En su carta a los Efesios, Pablo habló de dos grupos: los israelitas y los “extraños”, y dijo que había un “muro” que “los separaba” (Efesios 2:11-15). Aunque el apóstol se estaba refiriendo a “la Ley de mandamientos” que había recibido Moisés, quienes leyeron la carta probablemente también pensaron en una barrera de piedra que, de hecho, existía en aquel tiempo.
En el siglo primero de nuestra era, el templo de Jerusalén contaba con varios atrios, o patios, de acceso restringido. Cualquier persona podía entrar en el atrio de los gentiles, pero solo los judíos y los prosélitos podían acceder a los demás atrios, que estaban detrás de una elegante balaustrada de piedra llamada Soreg, de 1,3 metros (4 pies) de altura, aproximadamente. Según Flavio Josefo, historiador judío del siglo primero, dicha barrera tenía grabadas varias inscripciones en griego y en latín que advertían a los gentiles que no se atrevieran a poner un pie en el recinto sagrado.

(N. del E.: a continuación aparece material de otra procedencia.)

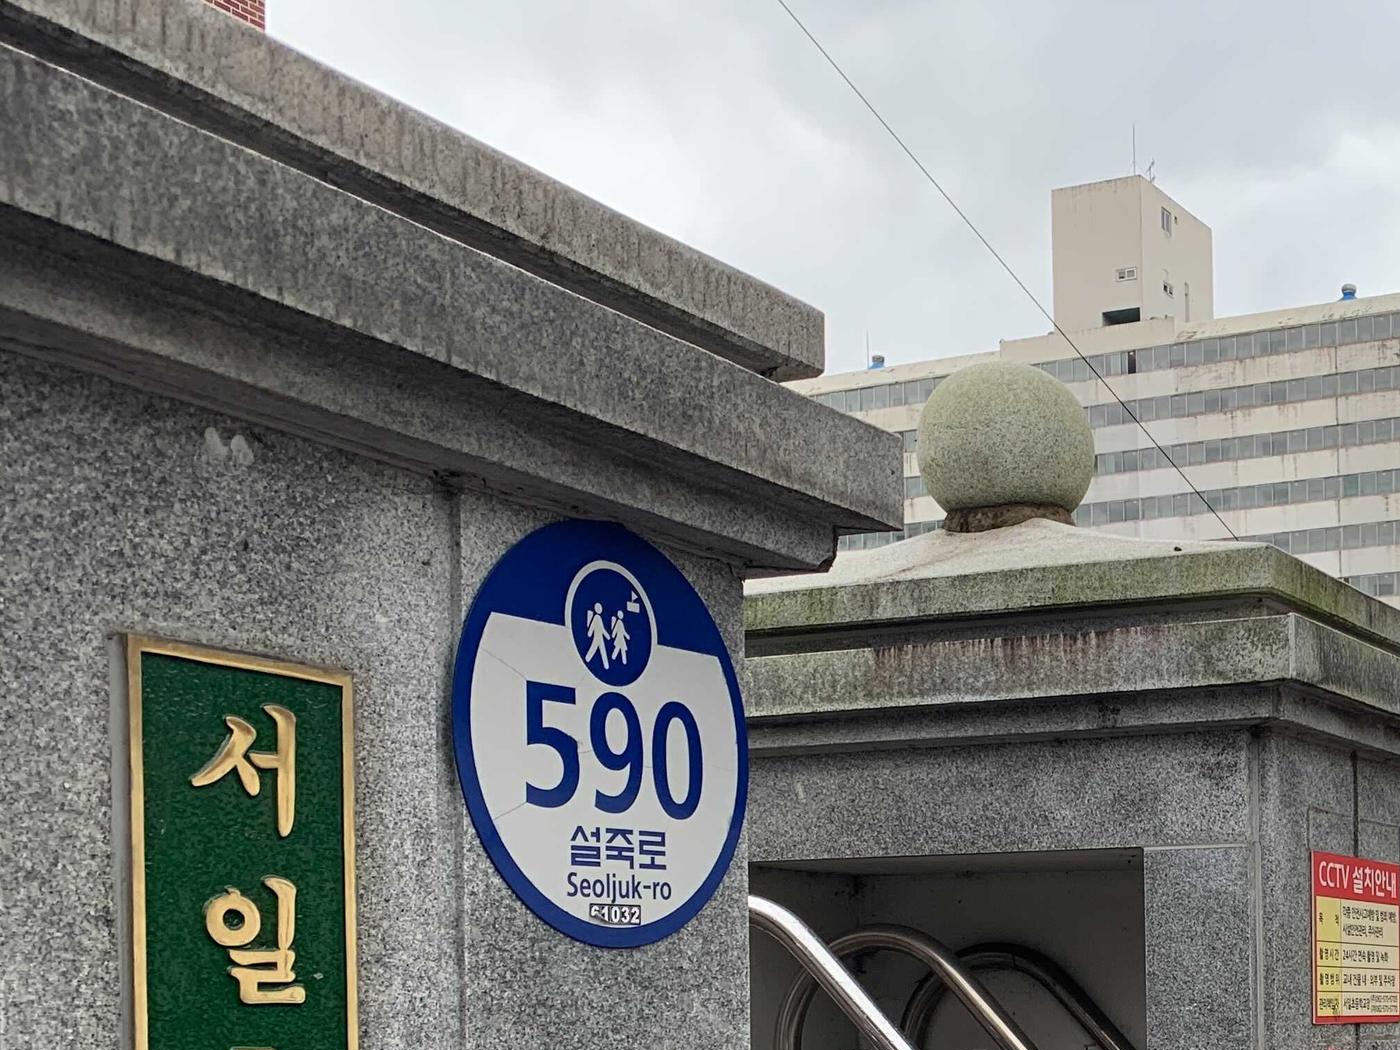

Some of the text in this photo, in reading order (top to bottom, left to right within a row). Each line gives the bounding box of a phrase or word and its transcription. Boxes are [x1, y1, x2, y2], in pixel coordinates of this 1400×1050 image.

Una de esas inscripciones en griego, que todavía se conserva en su totalidad, dice así: “A ningún extranjero se le permite estar dentro de la balaustrada y del terraplén en torno al santuario. Aquel a quien se encuentre será personalmente responsable de su propia muerte”.
Al parecer, Pablo aludió a este muro, o Soreg, porque era una buena representación del pacto de la Ley mosaica, que durante tanto tiempo había mantenido separados a judíos y gentiles. El sacrificio redentor de Jesús abolió el pacto de la Ley y, por tanto, “destruyó el muro de en medio”.